For years, Will Ethington stacked a bunch of credit cards and playing cards in his left shoe to mask the difference in the length of his legs.
The imbalance happened gradually as a result of a slight deformity in his femur after he received chemotherapy at age 3 for childhood lymphoma. He could still play basketball and softball, as well as golf and surf, but one leg grew about an inch and a half longer than the other.
By age 30, pain flared in his hip and back because of the imbalance, and he struggled to walk.
“I felt like I was getting old pretty quick,” said Ethington, an athletic 34-year-old who lives in Mount Laurel.
Even more painful was the leading treatment option, limb-lengthening surgery, which long required breaking the leg bone, then manually stretching it by cranking on rings drilled into the bone. Until recently, the procedure came with a high risk of infection and a long recovery.
Then, in 2021, Ethington became a candidate for a new technique that uses magnets to lengthen limbs. It promised to be more tolerable and less risky, and would allow him to bear weight right after the surgery. What’s more, it would be covered by his insurance and, because of the pandemic, he could recover at home while continuing to work.
“I was like, heck, let’s go for it,” he recalled.
The magnetic internal rod device was a game changer for limb lengthening, said Austin Fragomen, professor of clinical orthopedics at the Hospital for Special Surgery in New York.
An expandable rod is surgically implanted in the bone, and uses the pull of magnets to lengthen bones in the arms or legs gradually over a period of several months.
Limb lengthening with magnetic implants, first introduced in 2012, is now gaining popularity among adults who simply want to be taller. Over the last 17 years, Fragomen’s practice has seen these types of surgeries increase from about a half-dozen a year to about 25. Patients typically need to be 5′5″ or shorter and must be cleared by a psychologist before surgery.
Both legs are done at the same time and can be lengthened up to three inches, the size of the rods. From having the initial surgery to walking independently takes six months.
Insurance doesn’t cover limb lengthening for height, and the procedure can run $100,000 out of pocket, Fragomen said. But medically necessary procedures, such as Ethington’s, are often covered by insurance.
Implanting magnetic rods to lengthen limbs
Magnetic limb lengthening still requires breaking the bone, but the process is less painful — patients can typically manage pain with over-the-counter medications after a few days’ hospital stay.
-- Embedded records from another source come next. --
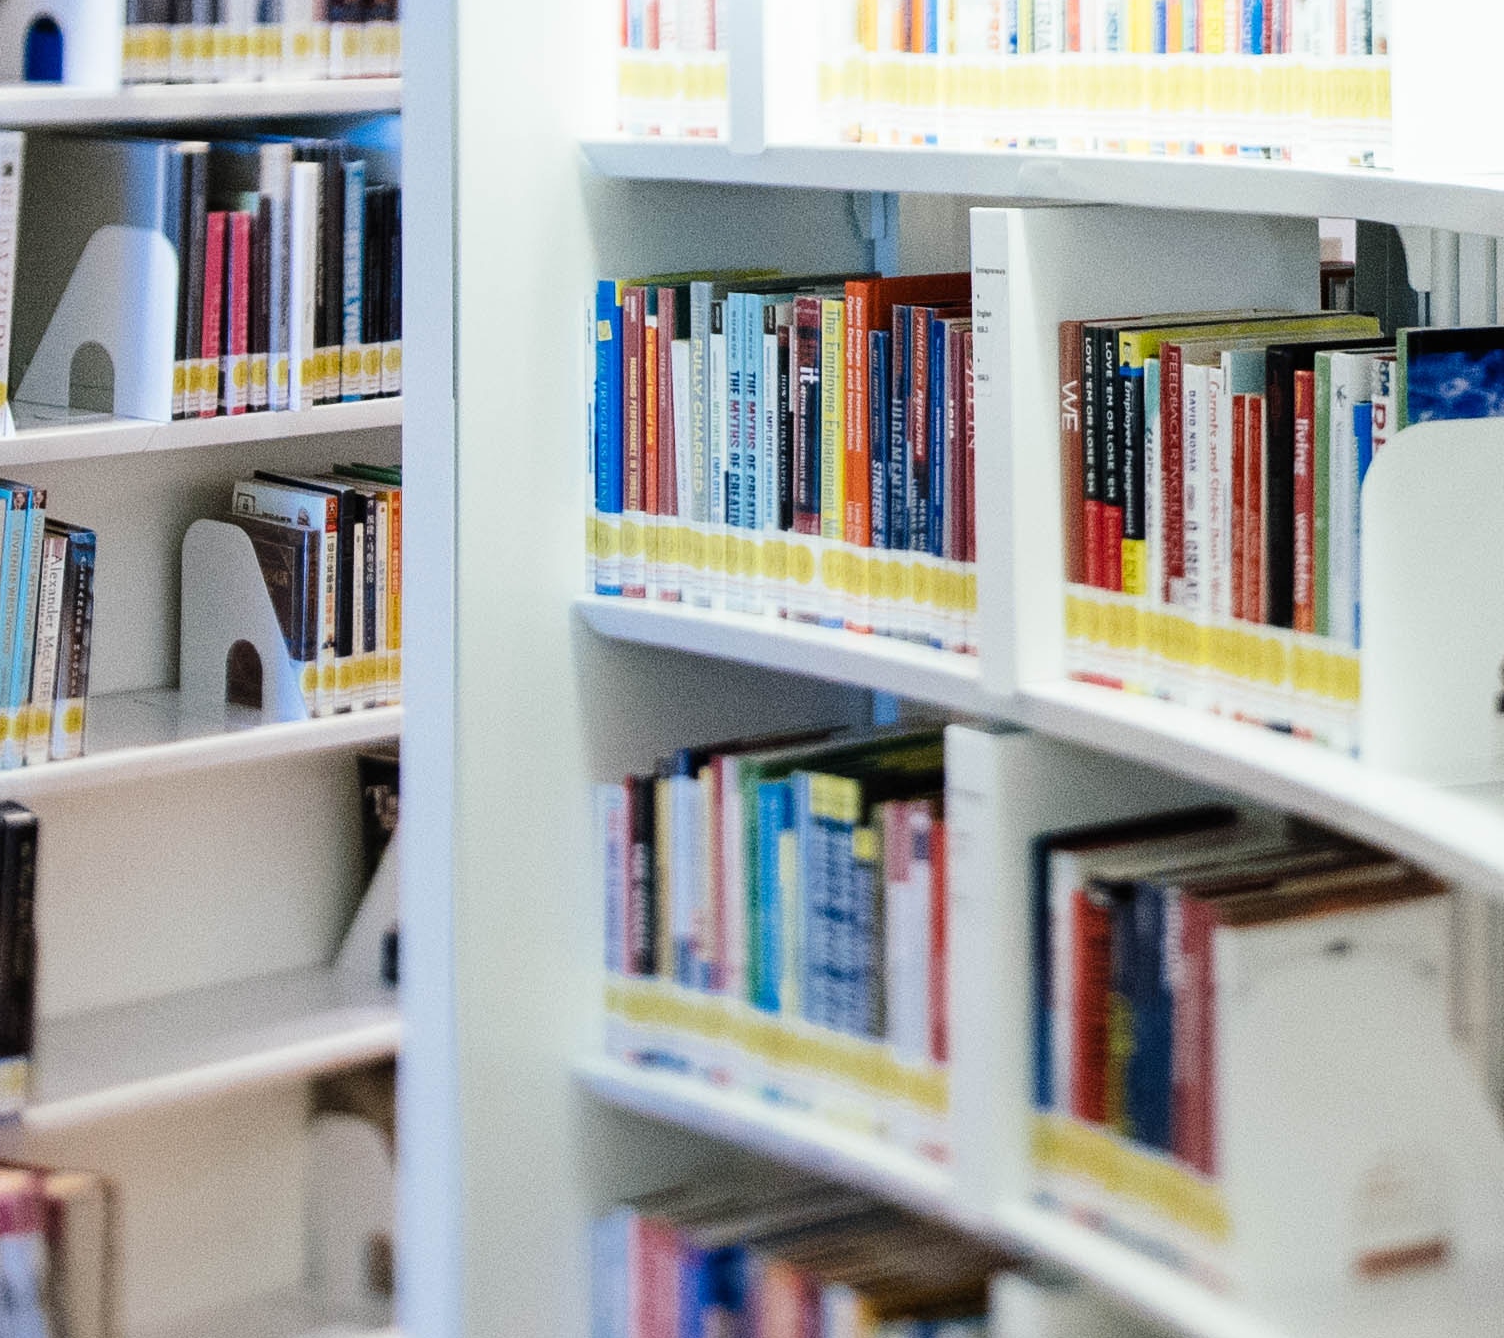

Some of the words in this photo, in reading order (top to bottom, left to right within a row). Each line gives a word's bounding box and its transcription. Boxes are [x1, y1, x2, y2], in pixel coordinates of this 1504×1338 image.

[825, 308, 841, 335] The
[844, 295, 854, 325] Open
[853, 296, 863, 326] Open
[844, 326, 854, 367] Design
[853, 328, 863, 368] Design
[916, 315, 924, 369] PRIMED
[1084, 336, 1094, 375] LOVE
[1104, 341, 1114, 379] LOVE
[692, 338, 704, 396] FULLY
[730, 370, 741, 394] THE
[747, 371, 757, 396] THE
[821, 340, 840, 413] Employee
[845, 368, 854, 388] and
[854, 369, 863, 389] and
[1060, 379, 1079, 432] WE
[1084, 377, 1095, 403] 'EM
[1105, 381, 1115, 407] 'EM
[1168, 351, 1180, 444] FEEDBACK
[1188, 389, 1197, 427] DAVID
[730, 398, 741, 448] MYTHS
[747, 400, 757, 450] MYTHS
[845, 389, 854, 451] Innovation
[854, 390, 863, 453] Innovation
[915, 388, 924, 456] PERFORM
[1085, 405, 1095, 427] OR
[1105, 409, 1115, 431] OR
[1123, 380, 1135, 447] Employee
[692, 400, 704, 493] CHARGED
[765, 410, 773, 458] EMPLOYEE
[1086, 429, 1095, 466] LOSE
[1106, 434, 1116, 470] LOSE
[1188, 431, 1197, 473] NOVAK
[730, 452, 741, 469] OF
[747, 453, 757, 470] OF
[821, 420, 840, 512] Engagement
[711, 456, 721, 508] EMPLOYEES
[1106, 472, 1116, 498] 'EM
[44, 553, 64, 630] Alexander
Two weeks after surgery to implant the rod, the patient begins the lengthening process by holding an external magnet over the magnet within the rod to begin lengthening the rod. As space opens up between these two ends, new bone grows to fill in the gap.
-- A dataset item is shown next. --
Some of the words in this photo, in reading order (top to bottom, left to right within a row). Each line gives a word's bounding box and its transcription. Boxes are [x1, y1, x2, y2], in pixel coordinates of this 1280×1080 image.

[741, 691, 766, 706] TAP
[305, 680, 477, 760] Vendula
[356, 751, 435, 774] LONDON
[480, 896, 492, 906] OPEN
The process needs to move slowly, starting with a half-millimeter a day and building up to one millimeter, because the muscles, tendons, ligaments, arteries and nerves also need time to stretch, said Samir Mehta, chief of the orthopedic trauma and fracture service at Penn Medicine, who began using the technology about seven years ago and performs about one procedure a month..
“Part of the reason we go so slowly is that we want these other structures to come along at the correct pace,” said Mehta, who treated Ethington.
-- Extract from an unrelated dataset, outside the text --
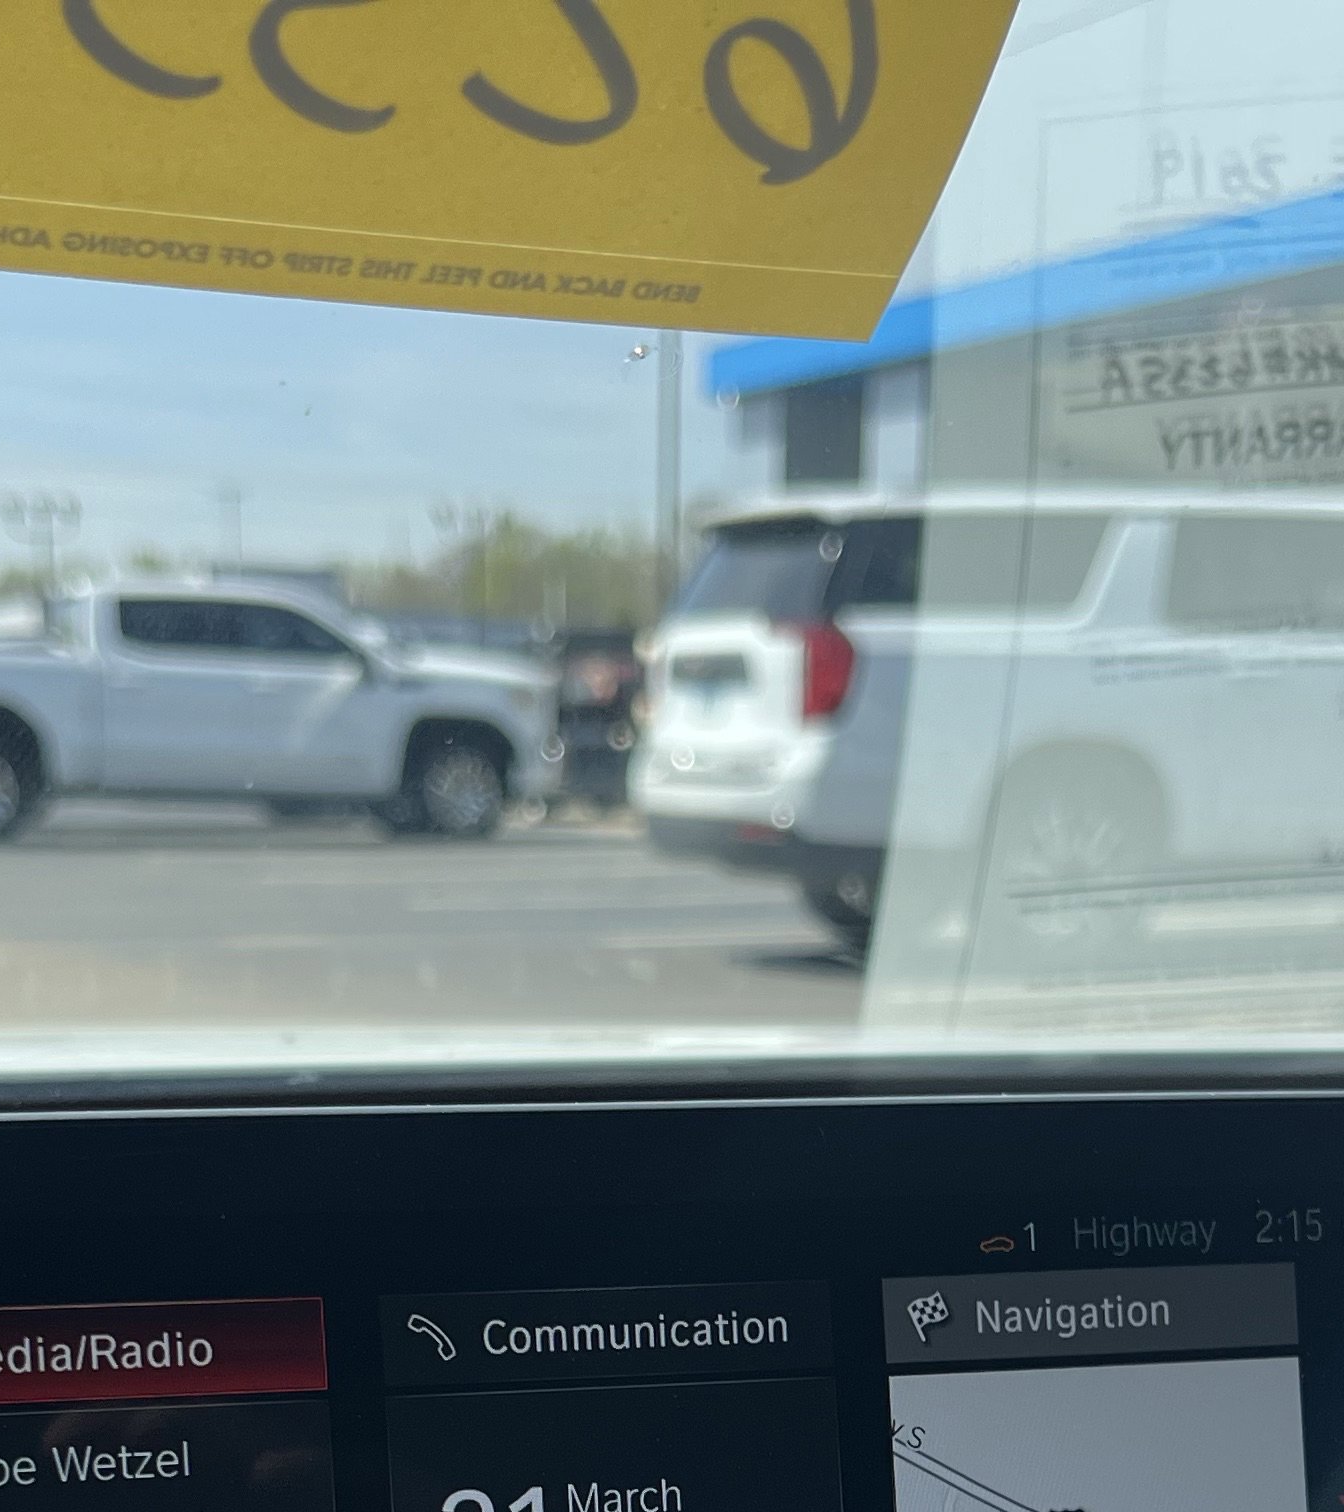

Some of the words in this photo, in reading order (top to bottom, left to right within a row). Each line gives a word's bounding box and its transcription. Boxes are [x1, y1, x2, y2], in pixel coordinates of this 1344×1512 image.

Gaining two inches in 50 days
The process can take several months. For example, a gain of two inches takes about 50 days and then 100 days more for the bone to completely fill in. There are risks of infection, blood clots, the bone not filling in, or a mechanical malfunction, but they are rare, Mehta said.
The technology is similar for children. Doctors can either lengthen the shorter leg or slow the growth of the longer leg. At the Children’s Hospital of Philadelphia, the procedure is mostly recommended for patients with a discrepancy of at least two inches, said Alexandre Arkader, an associate professor of orthopedic surgery at CHOP.
For a smaller difference in children who are still growing, he recommends slowing growth. Children with a congenital condition that affects the growth plate may need more than one procedure throughout their growth span.
“The reality is that most people don’t want to be shorter than they have to be,” said Arkader, who along with his colleagues, performs about 25 procedures a year.
The success rate is close to 100%, Arkader said, and the child can return to normal activities as soon as the bone has filled in, which can be as soon as three months.
Though certainly less excruciating than the external limb-lengthening procedure would have been, the new technique was also painful, Ethington said.
“The first month or two I regretted it, but now I’m glad I did it,” he said.
While he could walk, getting up and down the stairs to his second-floor condo was tough. During the first two months after surgery, he relied on medication to ease the pain and depended on his family for help with daily tasks.
He’s now back to his active lifestyle, pain free and without a need for a shoe lift. He recently went on a seven-mile hike, an excursion he’d never been able to do before.